The writing that my fellow yogis produce after our Saturday yoga class with Sally continues to inspire me.
For our last session, we wrote about our sankalpa, a Sanskrit word that means “resolve, intention.” Before meditation, the practitioner visualizes herself having, doing, or being the sankalpa.
Typically, this type of meditation is done before a yoga nidra practice, which involves lying down and mentally naming 54 body parts.
With the body and mind in a state of deep relaxation, yet still awake and conscious, the practioner’s intentions penetrate the deeper layers of consciousness, creating a greater potential for the goals to be realized.

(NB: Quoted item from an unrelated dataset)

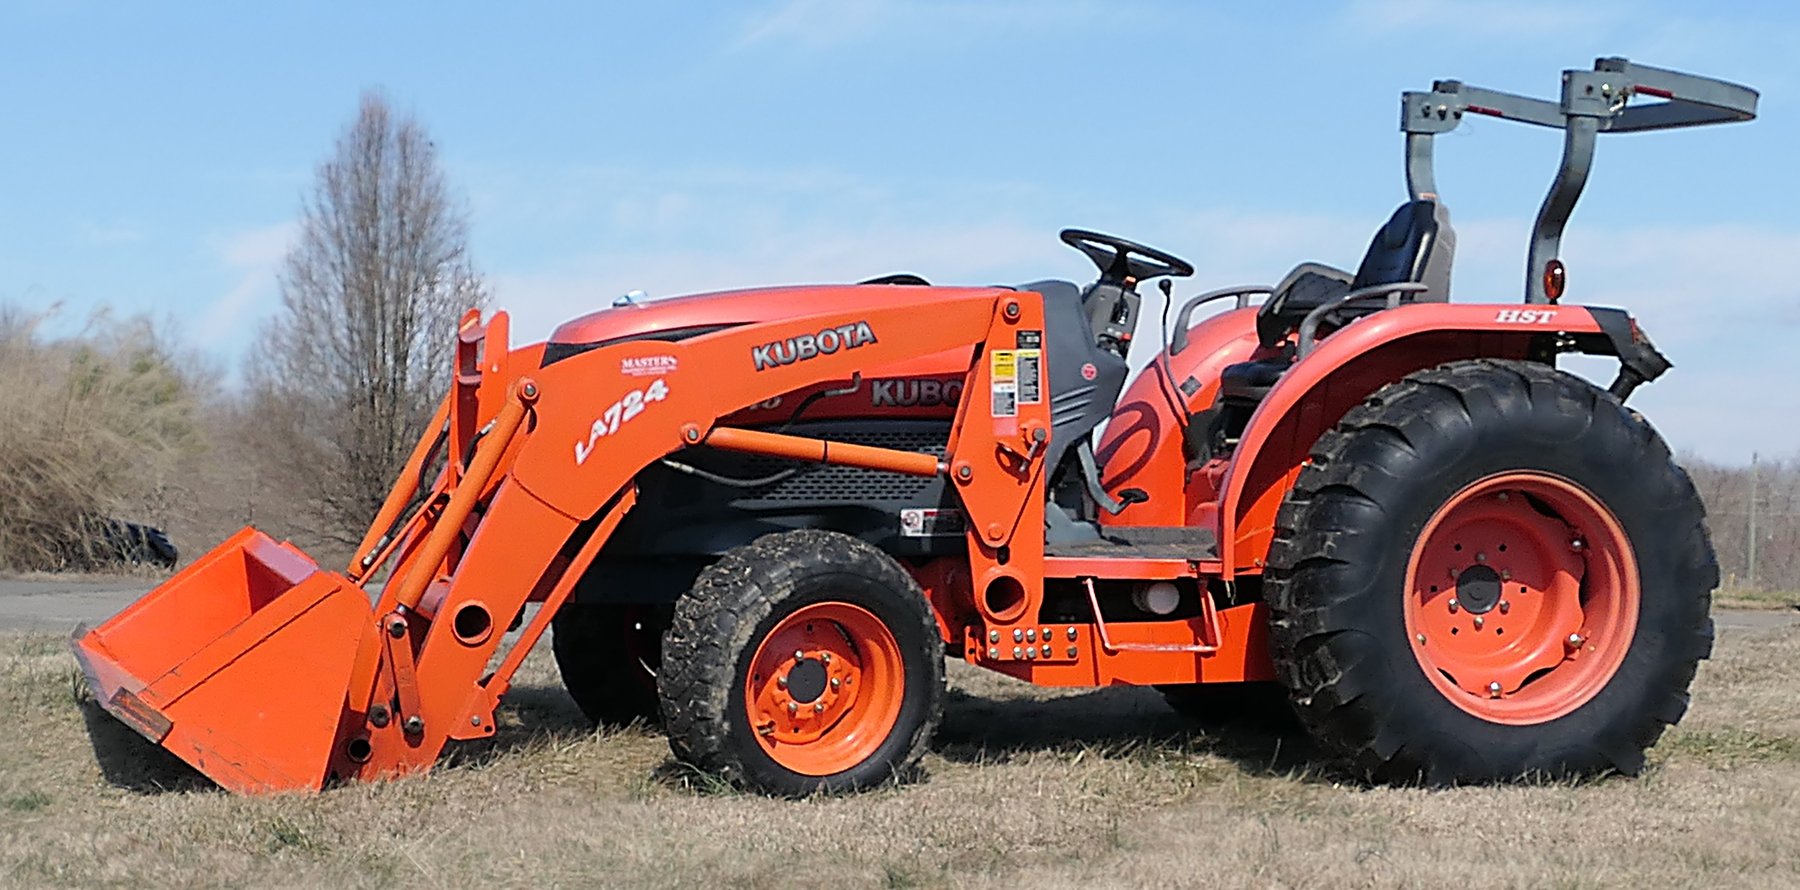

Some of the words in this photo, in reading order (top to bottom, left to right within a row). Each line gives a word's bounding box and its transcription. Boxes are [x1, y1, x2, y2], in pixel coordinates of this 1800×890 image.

[1496, 309, 1558, 325] HST
[752, 320, 878, 371] KUBOTA
[575, 379, 670, 465] LA724

I wrote this intention about how I would like to wake in the morning. I wrote it in the present tense, as if this were my actual waking experience.

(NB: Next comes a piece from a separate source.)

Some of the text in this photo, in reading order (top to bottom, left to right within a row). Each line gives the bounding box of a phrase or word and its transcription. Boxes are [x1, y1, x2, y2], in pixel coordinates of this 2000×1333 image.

I wake in the morning with the first light of day and take a deep breath. My heartspace feels open and soft, and I’m at peace.

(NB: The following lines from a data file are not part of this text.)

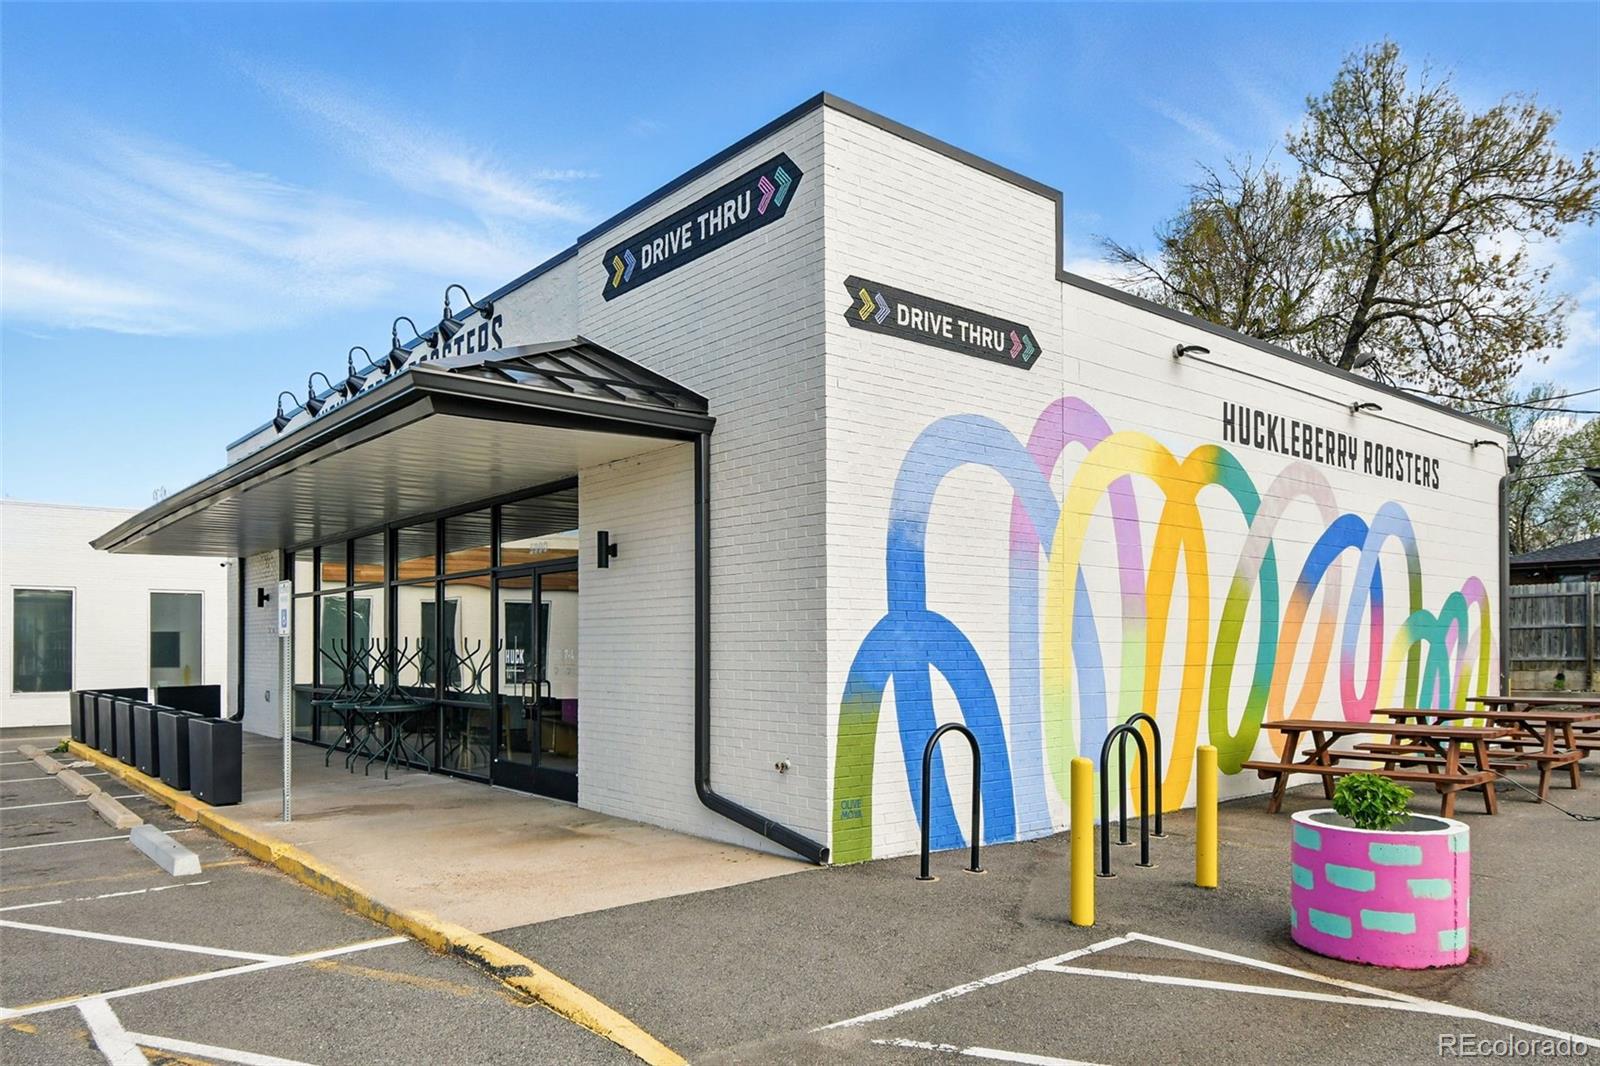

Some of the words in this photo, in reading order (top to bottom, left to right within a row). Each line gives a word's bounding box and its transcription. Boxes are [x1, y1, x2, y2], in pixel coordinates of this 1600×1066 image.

[640, 221, 693, 270] DRIVE
[698, 190, 751, 240] THRU
[896, 303, 953, 338] DRIVE
[957, 320, 1005, 352] THRU
[1223, 402, 1358, 470] HUCKLEBERRY
[1364, 441, 1440, 489] ROASTERS

Birds singing outside my window fill me with joy.
I sit up in bed and meditate for a short time before I let the dogs out into the backyard.
After a cup of chamomile, I roll out my yoga mat, full of energy and motivation to meet the day.
I’m excited about life and the possibilities this new day will bring.
I suppose this is a kind of prayer I am asking of the cosmos, of God, and of my own inner self. It might sound like a sugarcoated version of reality, but as Tibetan Buddhist scholar Robert Thurman has said, “To create something, you have to imagine it first.”
Why shouldn’t we desire the best for ourselves in terms of spiritual and psychic evolution?